Politics

Mexico, US to invest $4.2 billion to reinforce border

Tijuana, Mexico, May 12 (EFE).- The governments of Mexico and the United States announced Thursday they will invest $4.2 billion to strengthen the common border with advanced technology, infrastructure projects and special security measures.

Mexico’s Foreign Secretary Marcelo Ebrard said at a press conference in the border city of Tijuana that this investment comes under the Bicentennial Framework for Security cooperation, which includes 14 projects on the Mexican side.

There are six projects on the US side, which mainly concern technology to prevent the trafficking of arms to Mexico, and drugs, such as fentanyl, to US soil.

Ebrard noted that priority will be on the issue of safety, for which investment will be made in high technology, since it is currently unequal on both sides.
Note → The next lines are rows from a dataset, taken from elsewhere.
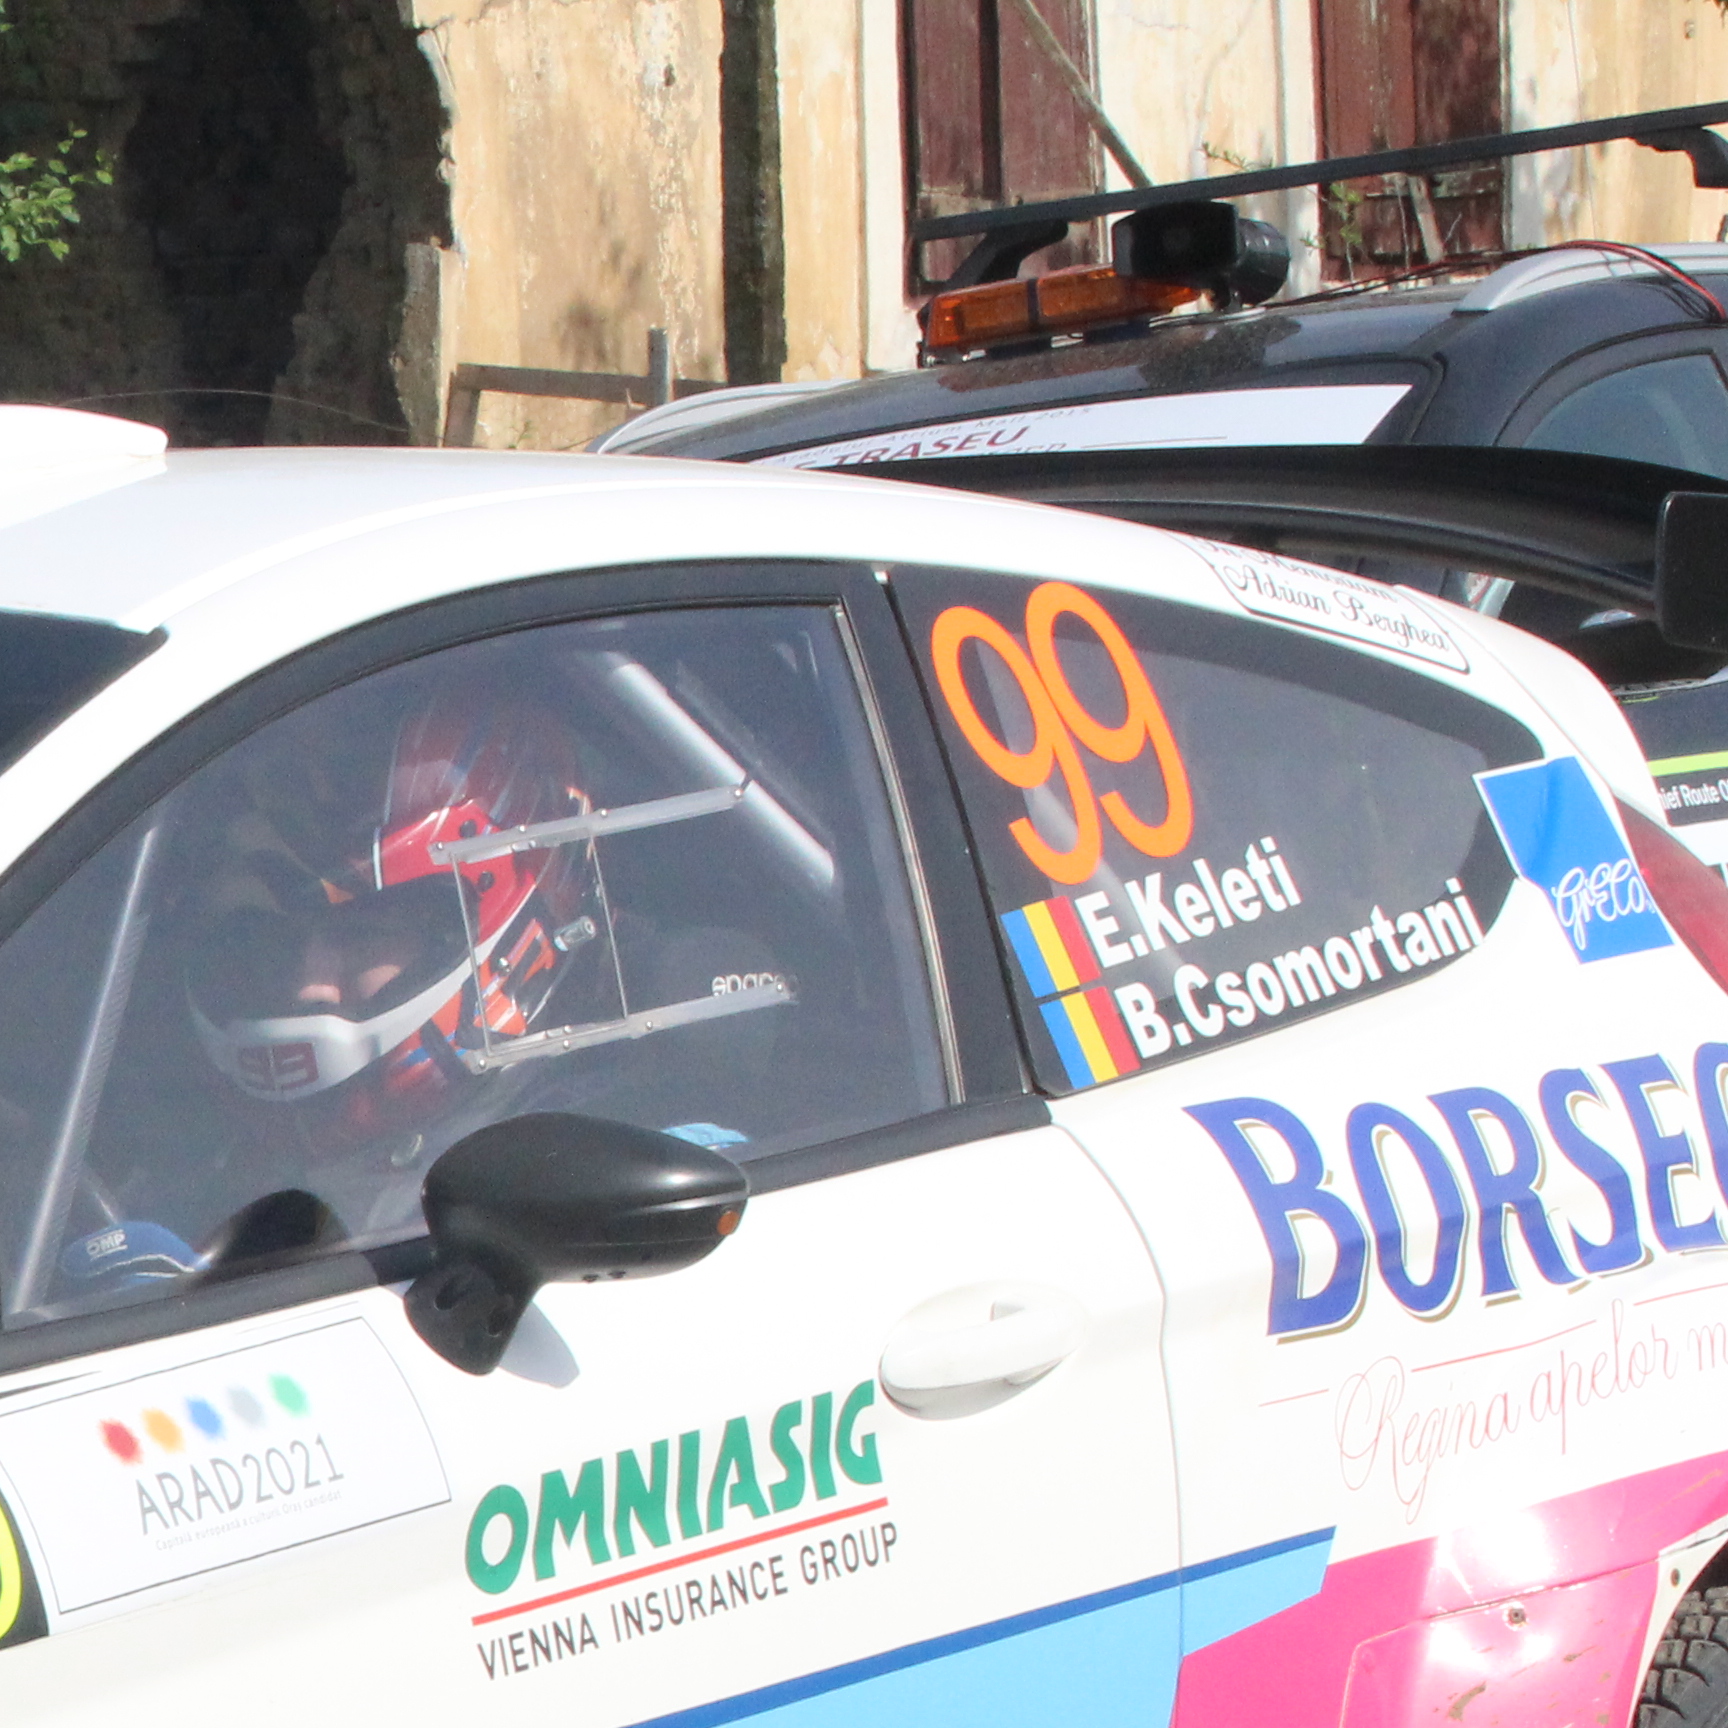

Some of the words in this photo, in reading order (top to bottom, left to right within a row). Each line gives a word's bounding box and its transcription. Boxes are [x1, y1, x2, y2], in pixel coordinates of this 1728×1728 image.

[1222, 564, 1332, 616] Adrian
[1333, 586, 1452, 651] Berghea
[931, 580, 1195, 886] 99
[1679, 780, 1720, 808] Route
[1073, 836, 1302, 969] E.Keleti
[1113, 877, 1487, 1059] B.Csomortani
[135, 1432, 346, 1535] ARAD2021
[303, 1488, 344, 1510] candidat
[464, 1378, 884, 1596] OMNIASIG
[477, 1612, 600, 1681] VIENNA
[610, 1554, 790, 1643] INSURANCE
[799, 1521, 899, 1586] GROUP
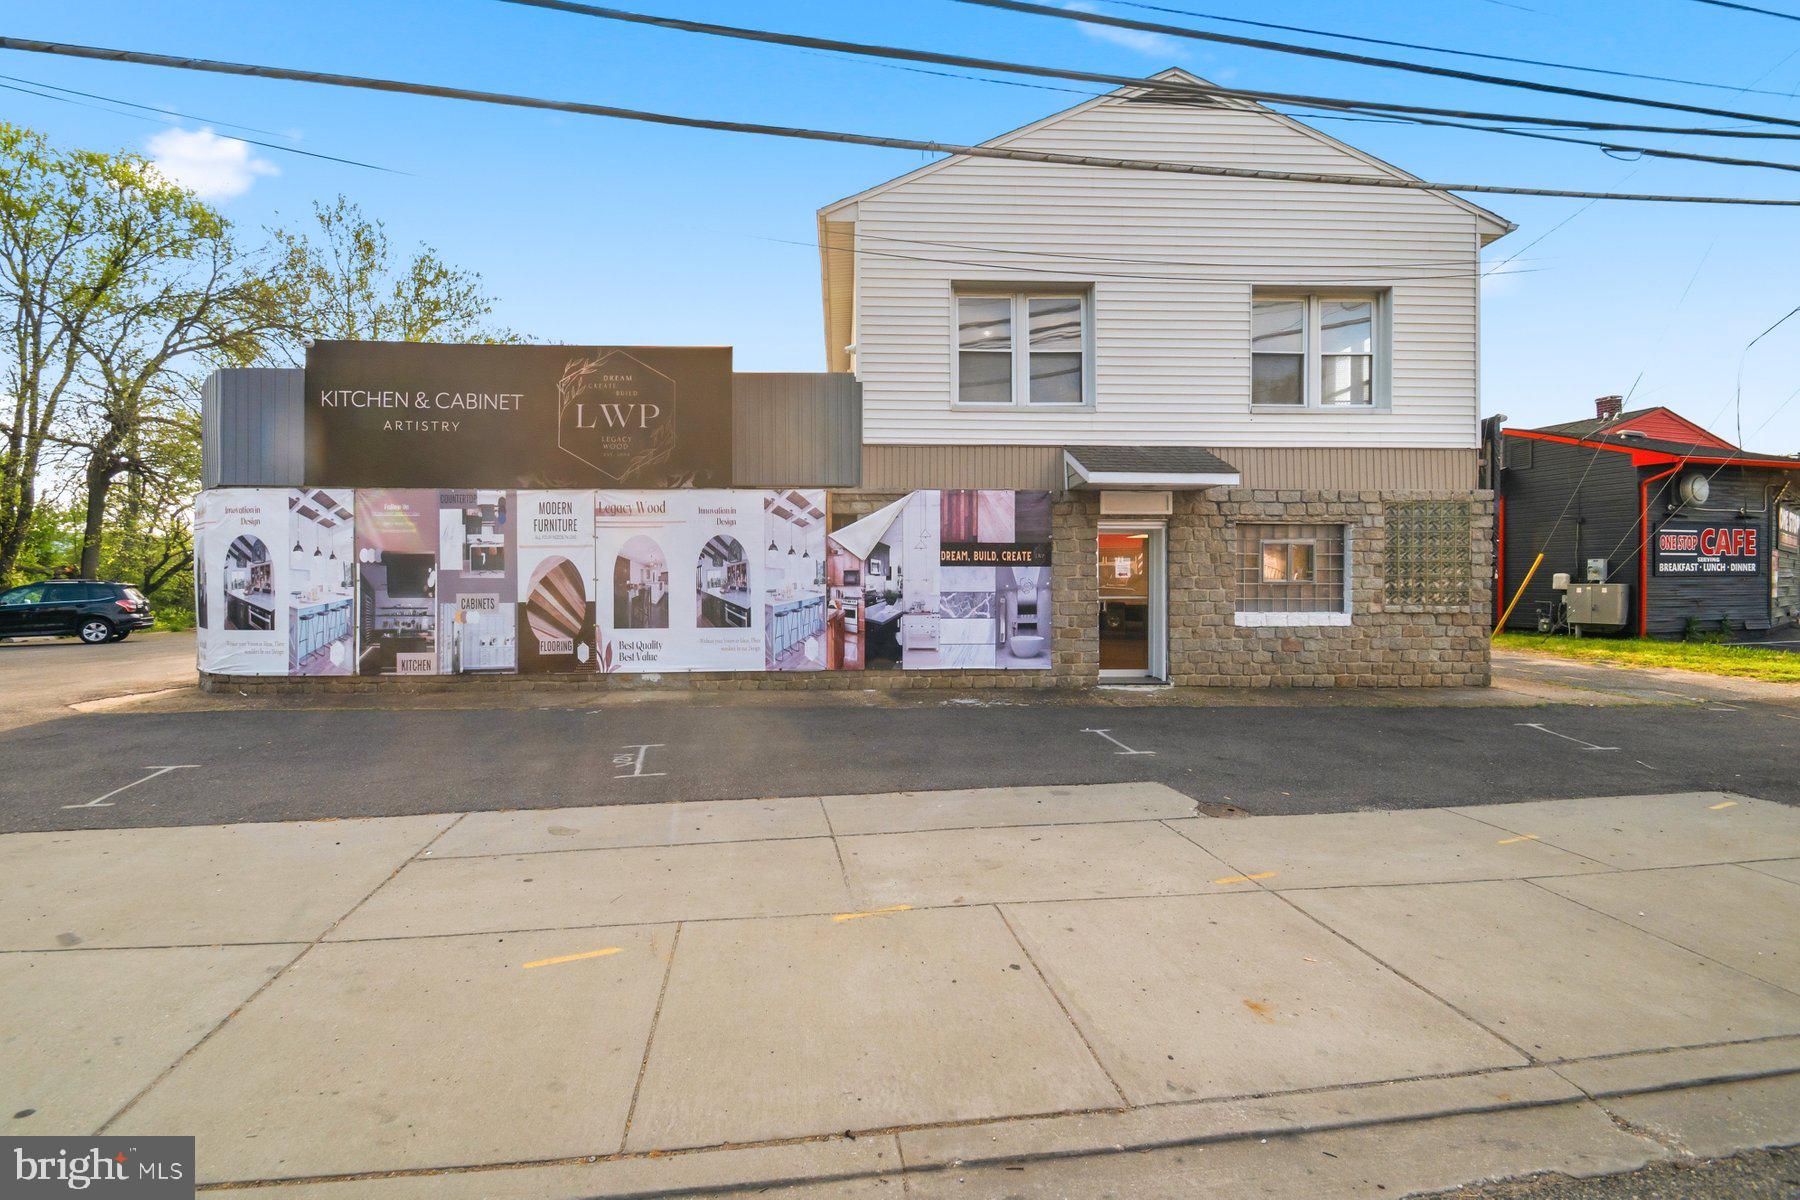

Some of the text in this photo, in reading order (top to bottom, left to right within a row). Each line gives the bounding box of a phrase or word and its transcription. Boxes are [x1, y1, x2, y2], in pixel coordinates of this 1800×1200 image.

[321, 390, 524, 410] KITCHEN & CABINET
[576, 403, 660, 428] LWP
[383, 420, 460, 432] ARTISTRY
[538, 501, 573, 515] MODERN
[599, 500, 666, 516] Legacy Wood
[533, 519, 578, 532] FURNITURE
[1660, 535, 1698, 551] ONE STOP
[1700, 528, 1757, 556] CAFE
[1001, 551, 1032, 561] CREATE
[1659, 563, 1756, 572] BREAKFAST LUNCH DINNER
[461, 598, 495, 610] CABINETS
[540, 641, 573, 652] FLOORING
[619, 640, 635, 650] Best
[619, 652, 635, 662] Best
[401, 660, 432, 672] KITCHEN
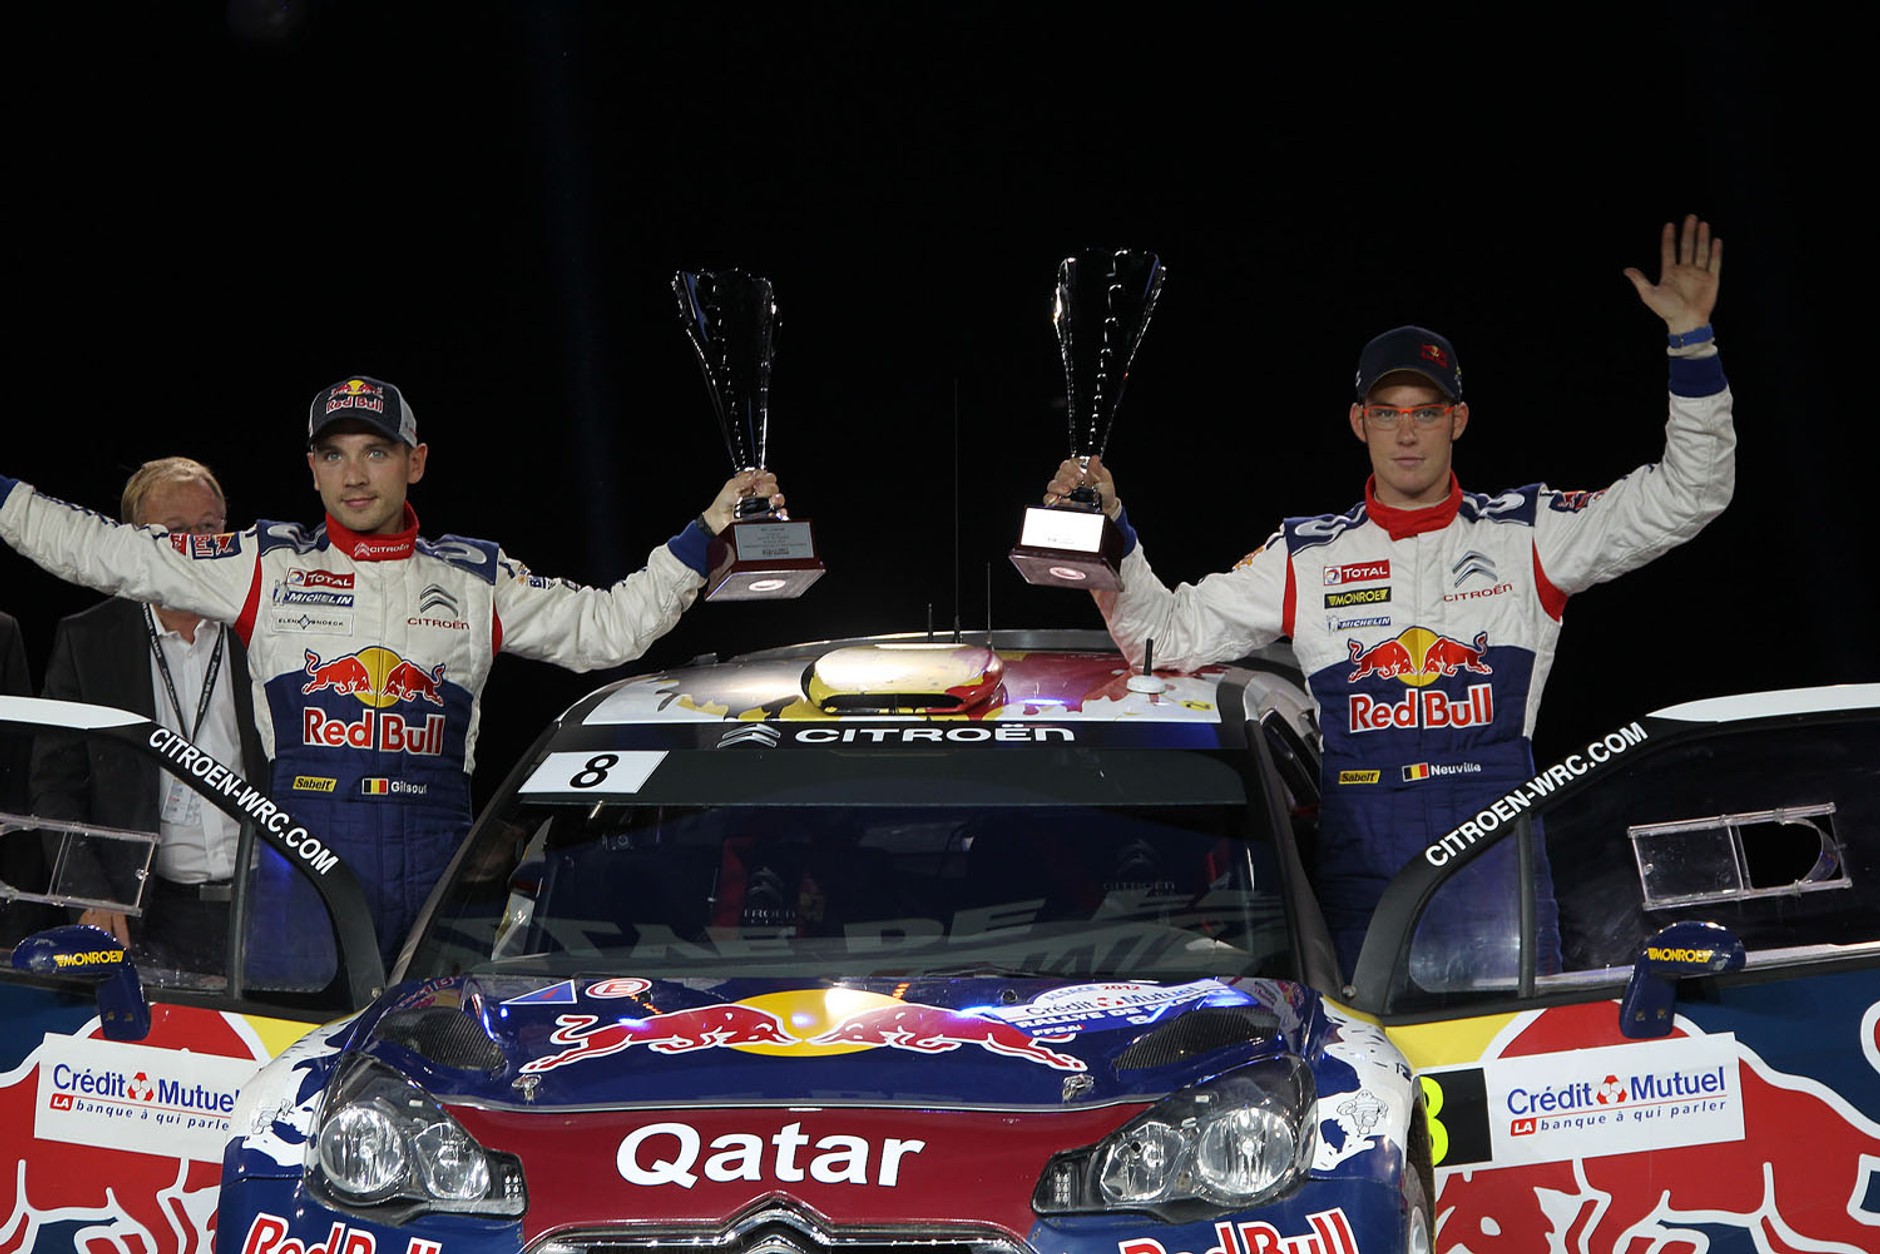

He added they intend “to be more effective at the border against fentanyl, drugs and weapons that go and come from both sides.”

“There are many projects, where the two presidents (Joe Biden of the US and Andres Manuel Lopez Obrador of Mexico) seek to create a period of transformation on the border between Mexico and the United States,” he said.

On his part, Todd D. Robinson, the US Assistant Secretary of State of the Bureau of International Narcotics, said that one of the priorities of the agreement will be to stop the arms trafficking to Mexico.

The focus will also be on preventing drug entry into the US, where 107,000 people overdosed in 2021, half of them from substances such as fentanyl, according to official US data.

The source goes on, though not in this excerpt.